I am now at my wits end.

A young woman I used to know, very slightly, through the local AS group (with which I have not had any contact due to "artistic differences" for almost a year) WILL not leave me alone.

At first it was idiotic text messages, sometimes in the small hours of the morning (sometimes 10 or more in succession) asking me to "be her friend" escalating to threats and actual blackmail (the really putrid kind) when she did not get her own way.

I did try to reason with her at first, but that only seemed to encourage her, so I had to explore other options. I had hoped that it would be possible to get her number blocked from texting me. Sadly that is not an option here in Ireland, all I can do is have her charged with harassment. When I made it plain to her that is is what she was forcing me to do, the texts stopped...

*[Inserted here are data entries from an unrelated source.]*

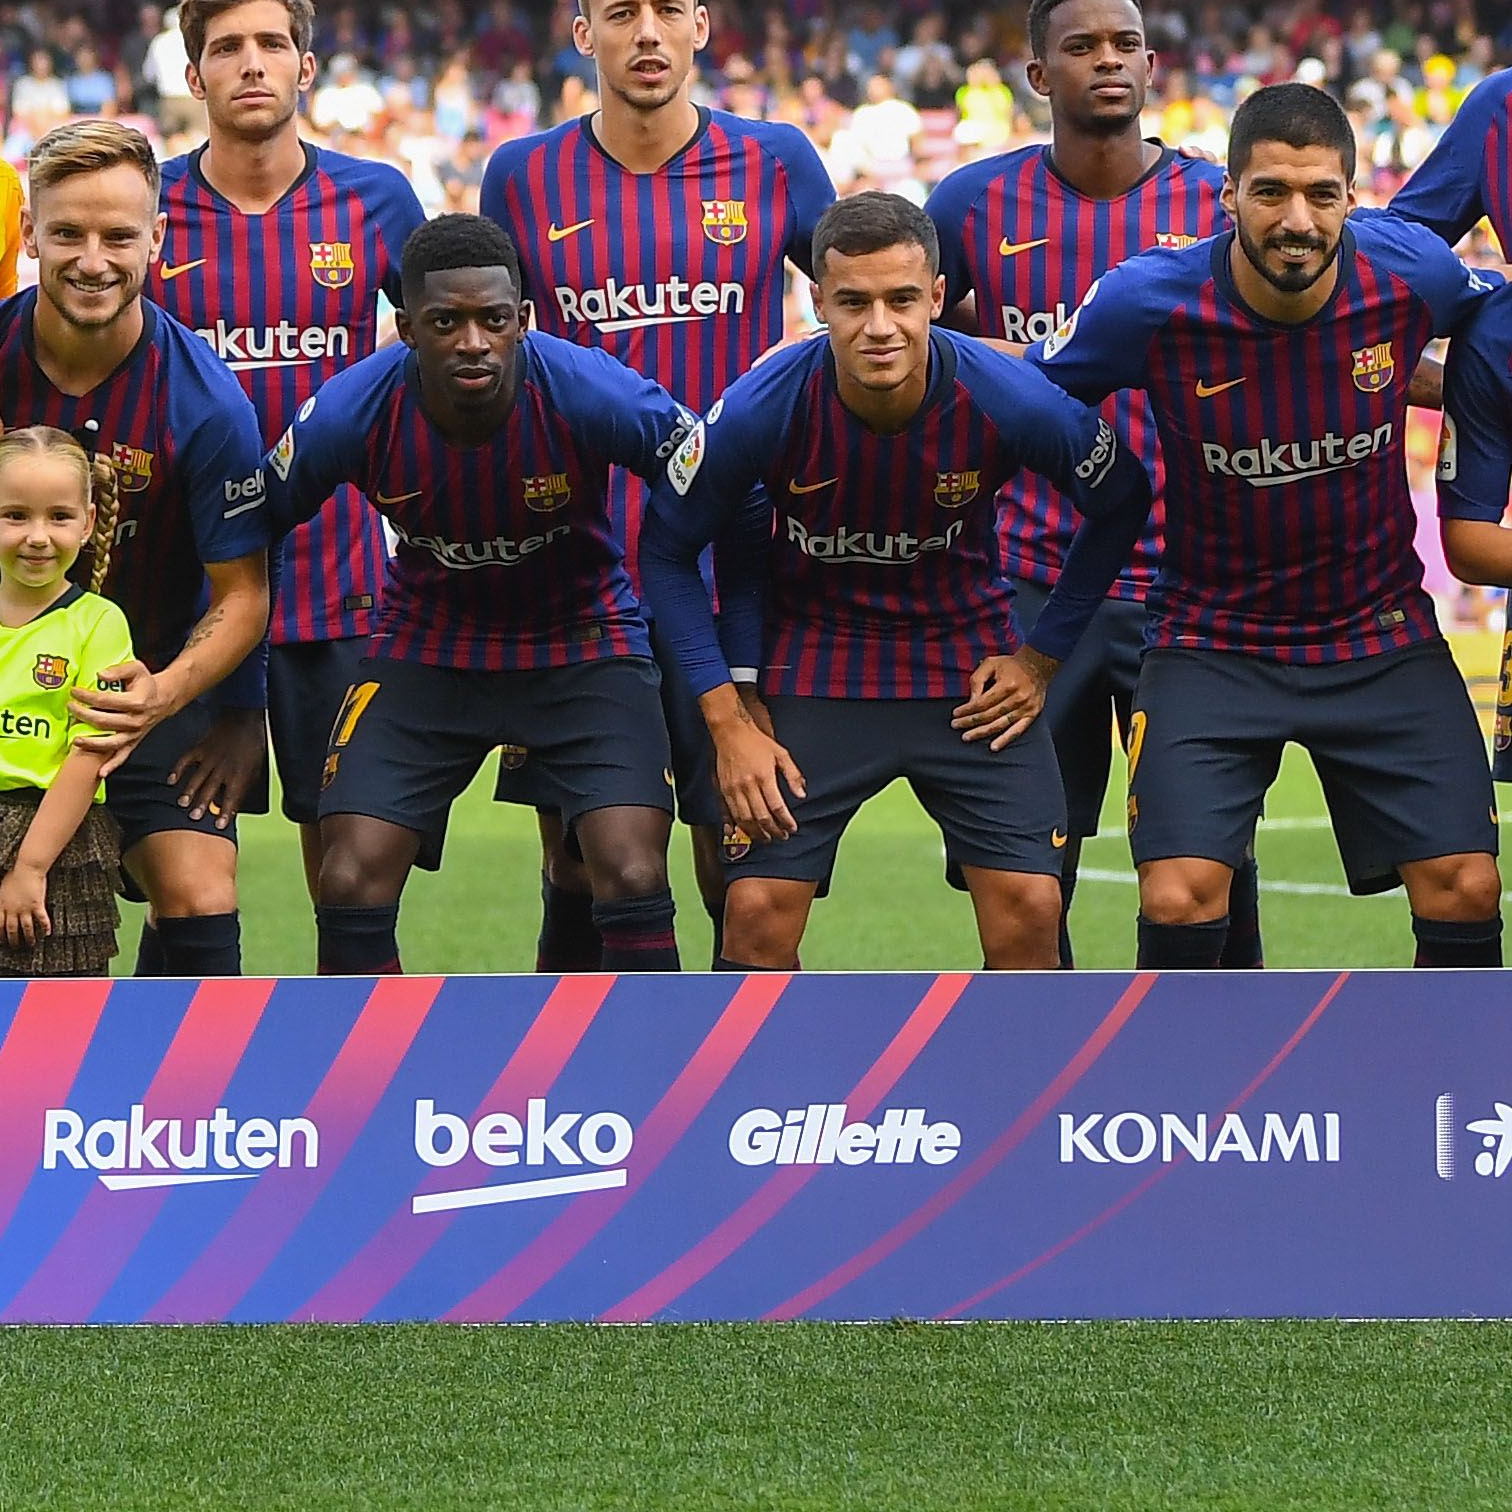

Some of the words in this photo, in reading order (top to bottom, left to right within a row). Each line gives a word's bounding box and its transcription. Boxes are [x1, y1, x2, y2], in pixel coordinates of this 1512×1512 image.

[554, 276, 745, 324] Rakuten
[1202, 423, 1393, 478] Rakuten
[391, 521, 571, 564] Rakuten
[787, 515, 963, 559] Rakuten
[43, 1104, 319, 1178] Rakuten
[412, 1099, 633, 1178] beko
[728, 1103, 962, 1166] Gillette
[1058, 1112, 1342, 1163] KONAMI

Until this last weekend when she called me from a "private number" trying to pose as another (extremelly harmless) member of the Aspie group (? A guy too...NOT very convincing). Since which she has made three more nuisance phone calls that I have taken...really silly, childish stuff like trying to mimic the way I say "hello" (she does that sort of thing face to face too, and no it is not any kind of speech problem, she does it in a very spiteful way.).

If I knew where she lived I would at this stage, definately go and talk to her parents...but I don't know the address.

So, the only option I can see, if she continues, is to have her formally charged with harassment.

Right now she is asking for this IMHO, but if I do it, the criminal record she will get may well outlast her drinking problem and attention seeking issues, and cast a very long shadow over her recovery and the rest of her life.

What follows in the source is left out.